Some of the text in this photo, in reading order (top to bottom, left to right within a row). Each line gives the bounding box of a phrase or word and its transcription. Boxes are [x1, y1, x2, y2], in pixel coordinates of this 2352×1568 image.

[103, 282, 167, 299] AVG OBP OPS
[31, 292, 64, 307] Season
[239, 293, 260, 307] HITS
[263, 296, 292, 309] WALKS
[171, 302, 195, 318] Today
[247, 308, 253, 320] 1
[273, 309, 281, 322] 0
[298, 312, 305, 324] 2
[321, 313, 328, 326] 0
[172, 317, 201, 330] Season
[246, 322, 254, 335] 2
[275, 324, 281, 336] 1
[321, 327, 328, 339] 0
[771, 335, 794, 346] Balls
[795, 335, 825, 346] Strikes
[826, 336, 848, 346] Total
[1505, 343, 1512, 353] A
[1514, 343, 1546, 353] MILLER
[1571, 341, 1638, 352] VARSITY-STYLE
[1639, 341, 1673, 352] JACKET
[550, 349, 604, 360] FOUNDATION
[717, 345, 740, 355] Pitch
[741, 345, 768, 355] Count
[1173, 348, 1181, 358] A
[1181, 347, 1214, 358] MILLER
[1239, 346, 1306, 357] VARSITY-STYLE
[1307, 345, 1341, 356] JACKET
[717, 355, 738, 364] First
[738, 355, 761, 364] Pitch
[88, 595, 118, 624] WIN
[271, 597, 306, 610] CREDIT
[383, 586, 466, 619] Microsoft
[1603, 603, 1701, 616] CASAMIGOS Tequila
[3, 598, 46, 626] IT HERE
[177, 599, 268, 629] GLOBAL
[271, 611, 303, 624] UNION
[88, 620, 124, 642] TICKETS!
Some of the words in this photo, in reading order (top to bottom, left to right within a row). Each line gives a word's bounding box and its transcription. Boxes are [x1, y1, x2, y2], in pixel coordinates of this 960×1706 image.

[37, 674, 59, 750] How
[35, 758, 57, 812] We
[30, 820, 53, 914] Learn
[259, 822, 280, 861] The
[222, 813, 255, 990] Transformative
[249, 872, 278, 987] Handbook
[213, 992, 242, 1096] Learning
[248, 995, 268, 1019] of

◆ Task statement
Up to and including the last line of the listing above, copy exactly every line from the one that contains "Some of the words" onward; leave out all others.

◆ Your response
Some of the words in this photo, in reading order (top to bottom, left to right within a row). Each line gives a word's bounding box and its transcription. Boxes are [x1, y1, x2, y2], in pixel coordinates of this 960×1706 image.

[37, 674, 59, 750] How
[35, 758, 57, 812] We
[30, 820, 53, 914] Learn
[259, 822, 280, 861] The
[222, 813, 255, 990] Transformative
[249, 872, 278, 987] Handbook
[213, 992, 242, 1096] Learning
[248, 995, 268, 1019] of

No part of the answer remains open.